Omnivores and Vegetarians Both at Risk of Deficiencies

A systematic review of studies (2000–2020) comparing plant-based eaters and meat-eaters found that vegetarians and vegans have lower intakes and blood levels of vitamin B12, vitamin D, iron, zinc, iodine, calcium, and long-chain omega-3s (EPA, DHA).
However, they tend to consume more fiber, polyunsaturated fatty acids, folates, vitamin C, vitamin E, and magnesium.

Meanwhile, meat-eaters are more likely to have insufficient intakes of fiber, polyunsaturated fats, folates, vitamins D and E, calcium, and magnesium.

In short: all diets carry potential nutritional risks.

What About Global Micronutrient Deficiencies?

Worldwide, billions of people suffer from inadequate intake of essential micronutrients, particularly calcium, iron, and vitamins C and E, according to a study from Harvard T.H. Chan School of Public Health and other institutions.

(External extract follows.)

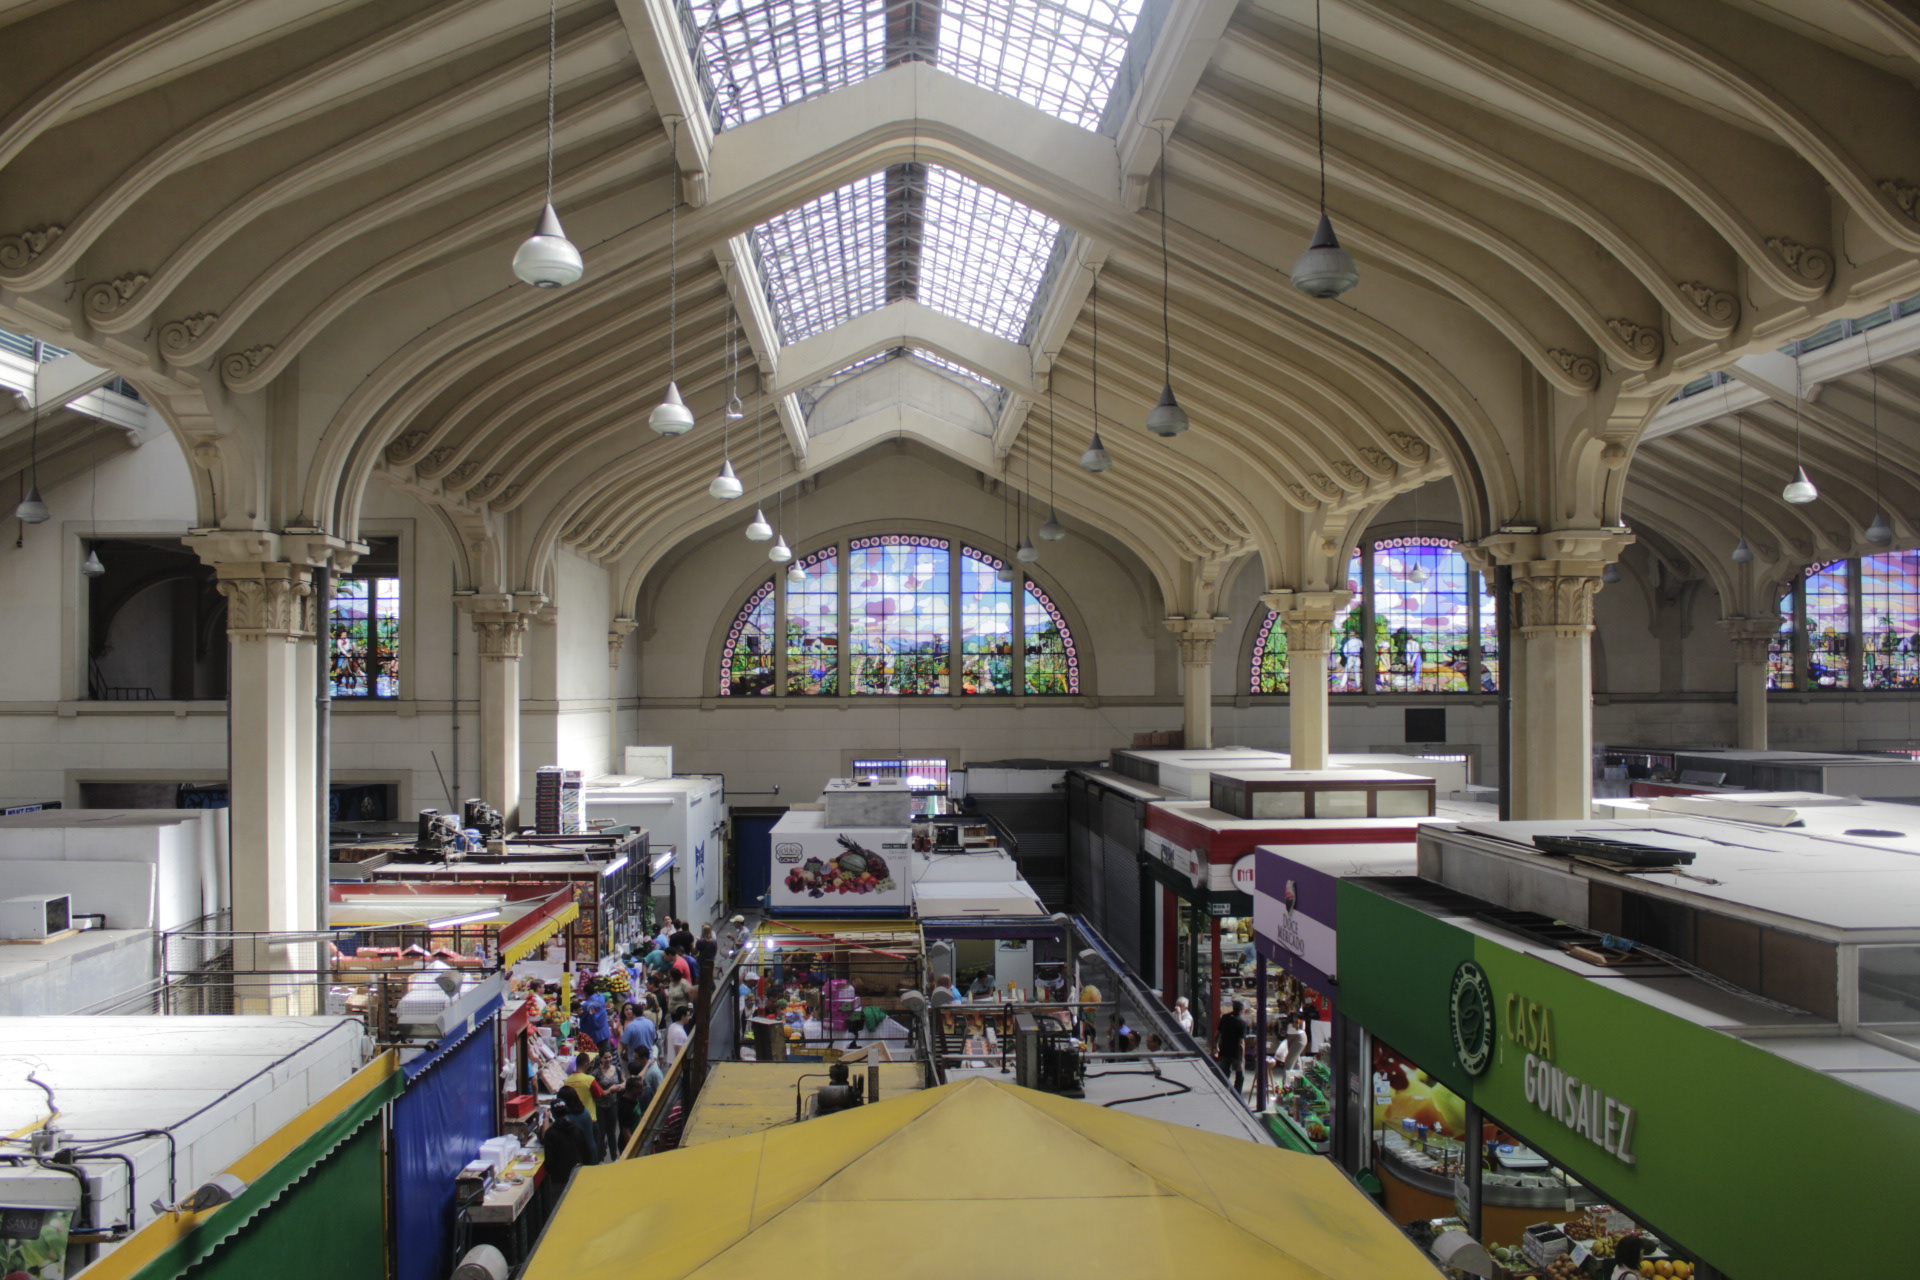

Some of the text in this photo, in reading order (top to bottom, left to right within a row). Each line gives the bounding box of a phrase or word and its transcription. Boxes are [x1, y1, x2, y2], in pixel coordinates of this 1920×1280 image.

Using global dietary data from 185 countries, the researchers found that deficiencies were widespread:

  • 68% of people had inadequate iodine intake.
  • 67% lacked sufficient vitamin E.
  • 66% lacked sufficient calcium.
  • 65% lacked sufficient iron.

More than half also lacked vitamins B2, B6, C, and folate. Only vitamin B3 and B1 levels were closer to adequate.

How to Prevent Deficiencies Through Diet?

Some countries, like the U.S., fortify basic foods with synthetic vitamins. Supplements can also help.
But these strategies don’t fully replicate the complex benefits of minimally processed, naturally nutrient-rich foods.

Critical nutrients to monitor include iron, zinc, folates, vitamin A, calcium, and vitamin B12 — deficiencies can cause serious and lasting health problems.

Even in wealthy countries, iron deficiency is common, especially among women.

Thus, improving the overall quality, quantity, and variety of unprocessed foods in our diet remains key. Whole foods contain over 70,000 natural compounds that work together to boost nutrient absorption, improve immunity, enhance satiety, and protect against disease.

Should We Really Eat “Varied” Diets?

The virtues of a “monotonous” diet:
In developed countries, variety isn’t always synonymous with better nutrition. A monotonous but well-designed diet — for example, based on cabbage, lentils, potatoes, whole-grain bread, vegetable oils, and modest amounts of animal products like liver and sardines — can often provide more nutrients than a varied but poorly balanced diet.

As Nicole Darmon points out, food variety can be a nutritional trap: it all depends on what kinds of foods you’re varying. For example, variety within processed categories like cheeses or deli meats doesn’t necessarily improve nutrition — whereas variety among fruits and vegetables does.